Today started pretty early, though not on the farm.
Thursday mornings I head down to the high school for 730 to set up the breakfast club (run by the parent association), which provides bagels, juice, hot chocolate and tea, for a nominal cost (25 cents per item) – no student is turned away hungry. It’s not so much about feeding those who don’t have adequate food at home, though there are probably a few kids in that category, it’s more about feeding anyone who skipped breakfast for any reason – many of them have to be at their bus stop by 7am, for example. It’s a nice volunteer job, as I enjoy getting to know some of the kids. When the bell goes at 830, I start cleaning up, and usually get home by 915 or so, which is what happened today.
After my own breakfast and coffee – desperately needed, I might add, I got my tools out and got going.
I got the big gate finished (wire stapled on), and I got the little gate installed and working, so that I can now control access to runs #3 and #4. That felt good because those two gates are probably the only things from the grand plan we drew up last winter for a complete makeover on the hen house set up. I celebrated with a second cup of coffee and got the laundry out on the line, because at that point it was a lovely breezy, sunny day.

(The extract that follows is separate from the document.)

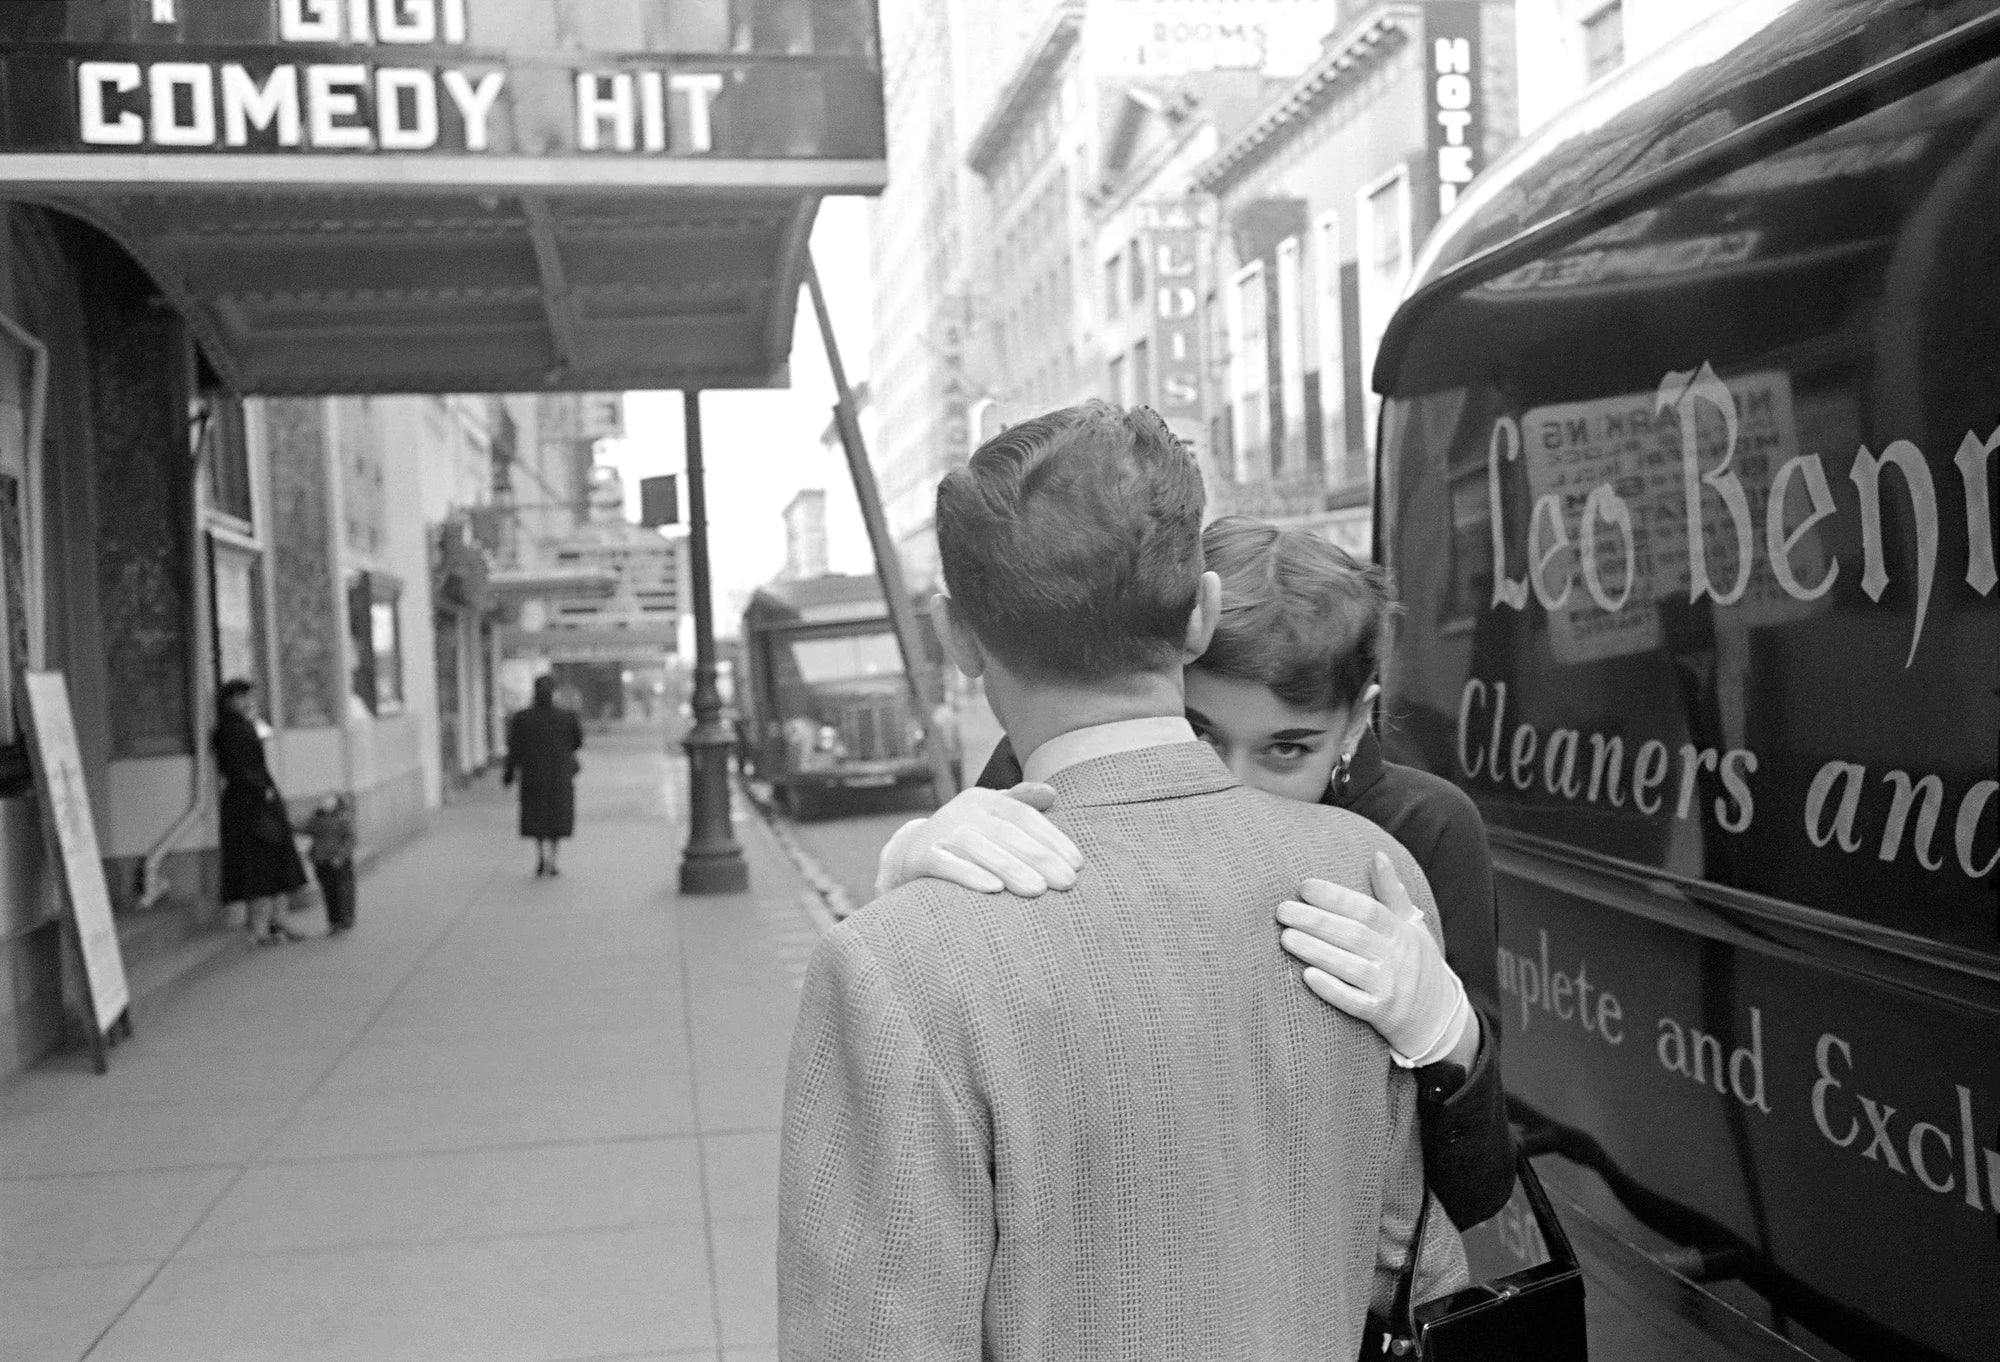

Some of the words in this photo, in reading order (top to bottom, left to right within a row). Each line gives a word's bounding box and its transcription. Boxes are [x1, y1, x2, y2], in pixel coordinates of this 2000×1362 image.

I then got going on cleaning out the lobby – there was a lot of wasted layer pellet all over, I think the wild birds who find ways of getting in spread it around. Unfortunately, the dropped feed was going mouldy, so I made sure to clean it all out. That all pretty much filled the little trailer, so after a very short lunch break, because I could see the sky starting to loom darker, I took the trailer down and spread the load on the field.
Next thing was to spread some straw in the lobby to give the pullets something to scratch in. I originally devised the lobby from a description of Lady Balfour’s method of chicken housing , as written of by John Seymour, but if you don’t stay on top of cleaning it out, the system is a total fail – and I totally failed about 5 years ago, and just didn’t bother. So the straw is my way of beginning again. It had the Henny scratch of approval.

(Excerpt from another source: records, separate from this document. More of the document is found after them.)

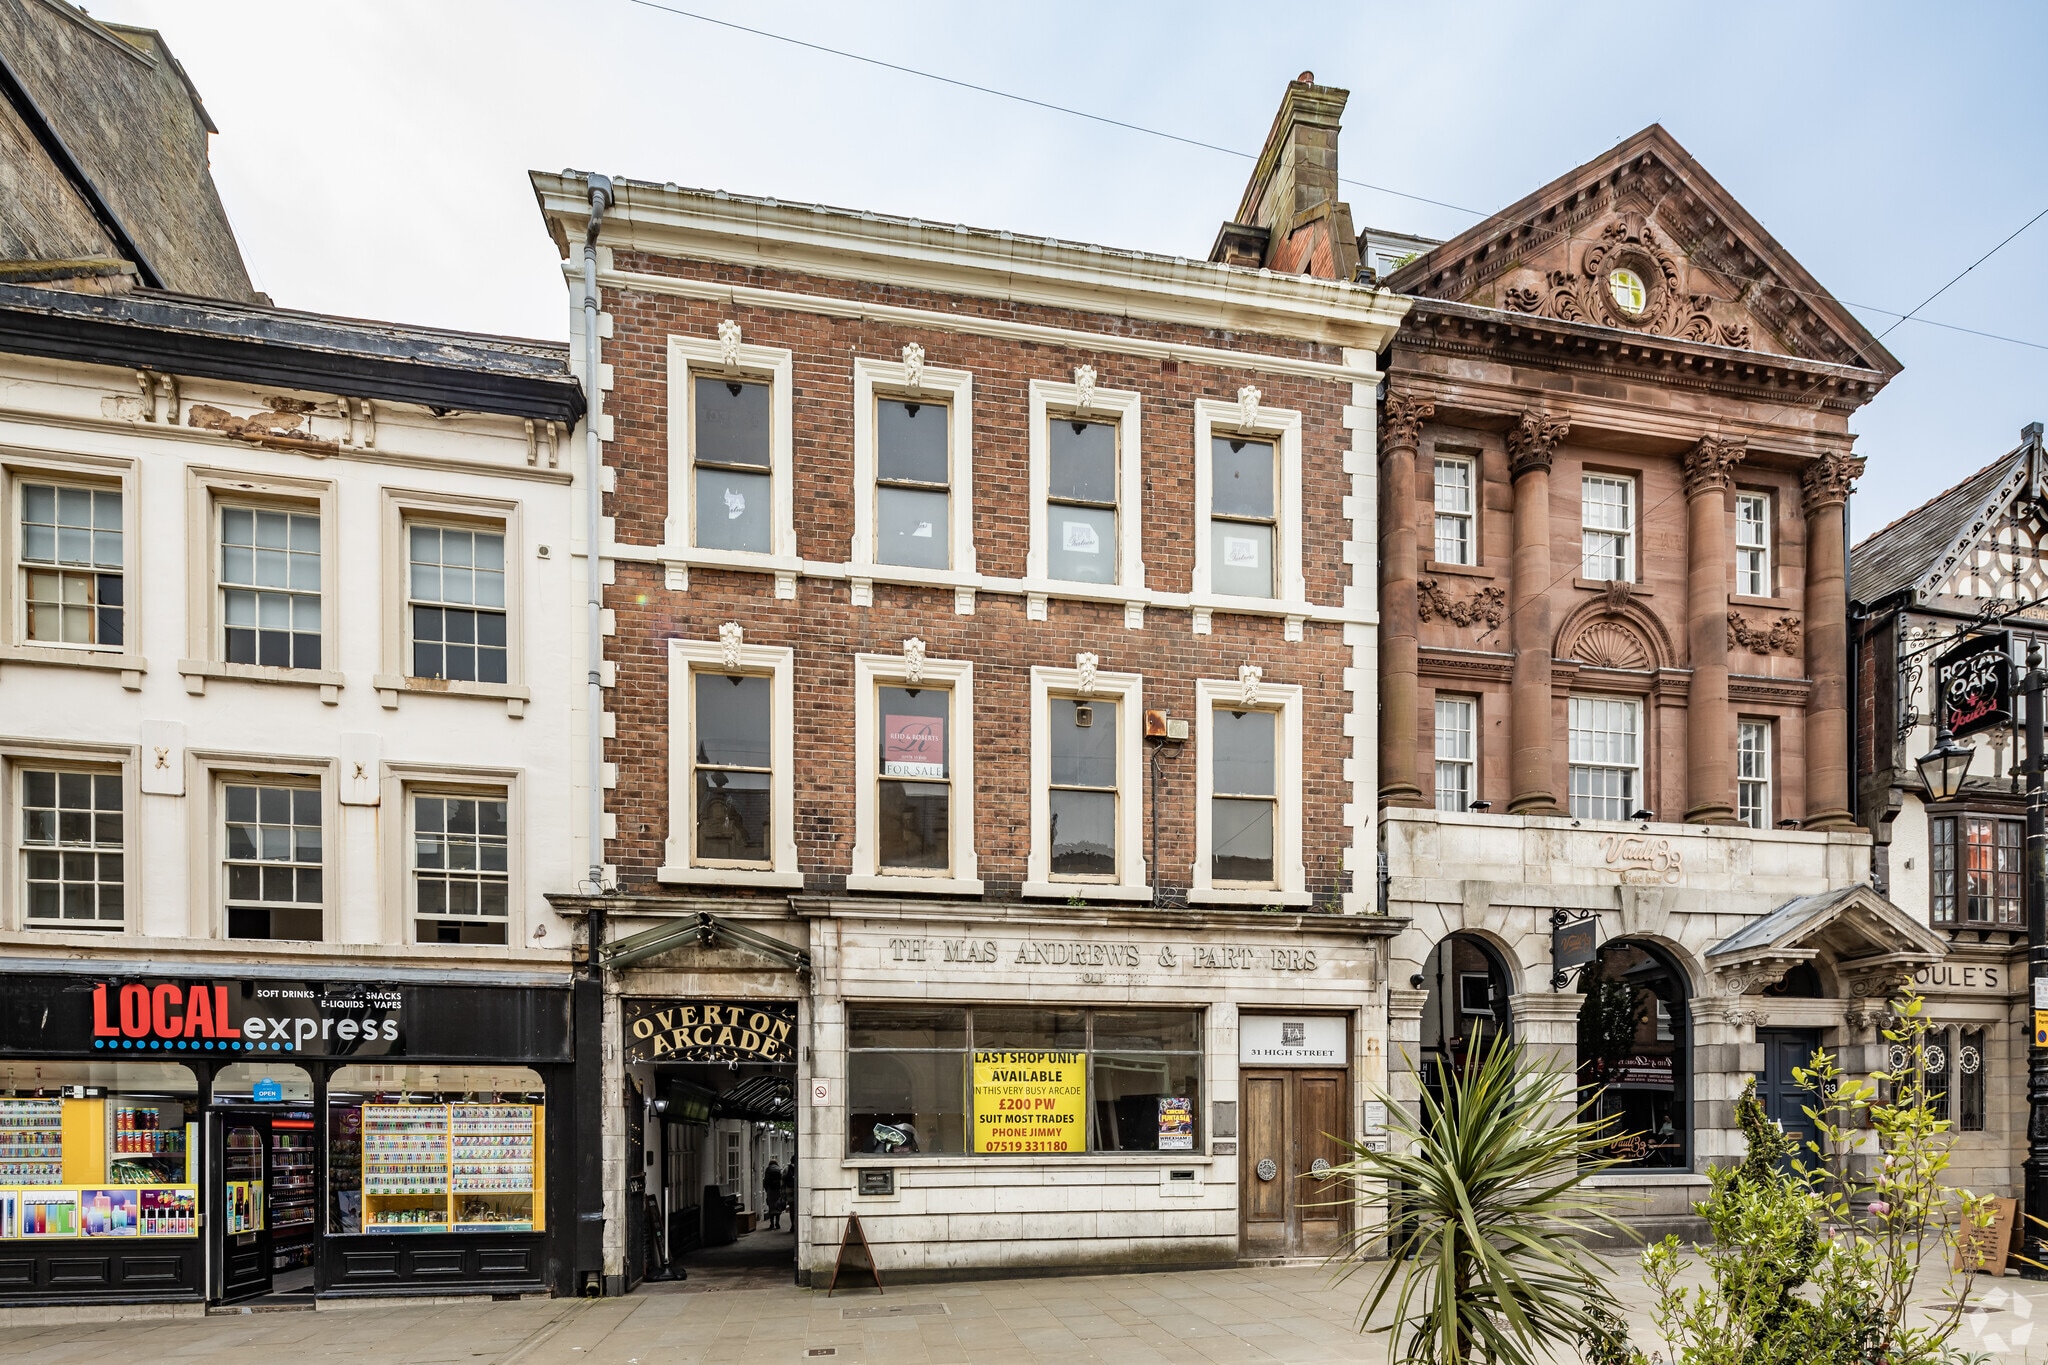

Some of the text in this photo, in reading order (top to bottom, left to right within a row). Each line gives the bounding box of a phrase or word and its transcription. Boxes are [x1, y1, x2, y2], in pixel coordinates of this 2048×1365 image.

[1951, 665, 1996, 695] OAK
[912, 734, 939, 742] ROBERTS
[887, 765, 941, 776] FOR SALE
[1014, 941, 1140, 967] ANDREWS
[1158, 945, 1177, 967] &
[1914, 966, 1998, 987] OULE'S
[257, 989, 279, 998] SOFT
[282, 990, 314, 998] DRINKS
[365, 992, 402, 1000] SNACKS
[321, 1000, 364, 1008] E-LIQUIDS
[374, 1001, 402, 1009] VAPES
[92, 983, 240, 1038] LOCAL
[632, 1005, 792, 1042] OVERTON
[243, 1016, 399, 1051] express
[653, 1025, 780, 1060] ARCADE
[975, 1052, 1079, 1064] LAST SHOP UNIT
[1296, 1049, 1335, 1057] STREET
[992, 1071, 1062, 1082] AVAILABLE
[974, 1086, 1081, 1095] N THIS VERY BUSY ARCADE
[1824, 1083, 1836, 1093] 33
[999, 1098, 1056, 1110] £200 PW
[980, 1114, 1074, 1124] SUIT MOST TRADES
[1161, 1114, 1190, 1122] FUNTASIA
[992, 1128, 1062, 1137] PHONE JIMMY
[986, 1141, 1068, 1152] 07519 331180

Rain was imminent, so the laundry came in, and so did I, for a cup of tea.
The rain began just as I was returning from the field after delivering a bunch of transport crates to the field ready for tonight. And boy did it pour.
Our younger daughter (16) and I got started on loading the crates around 830pm. Catching layer birds is not like catching the phlegmatic and heavy broilers. On the one hand, that’s good – they’re not nearly as heavy. On the other hand, they’re much harder to catch, even in the dark. We had escapees (daughter had one escapee and went to chase it, leaving the lid of the crate open…) we had wily hiders, we had aggressive tooth and nail types, in short – all kinds. Hubby arrived home about halfway through proceedings and added some useful muscle to the proceedings, and by 930, we had all 73 birds in the hen house, much to the bemusement of Henny Penny, who never left her roost, but kept craning her neck down to check out the intruders.
So that’s how Day Four ended – my last day of moving field shelters this year! Three thousand cheers!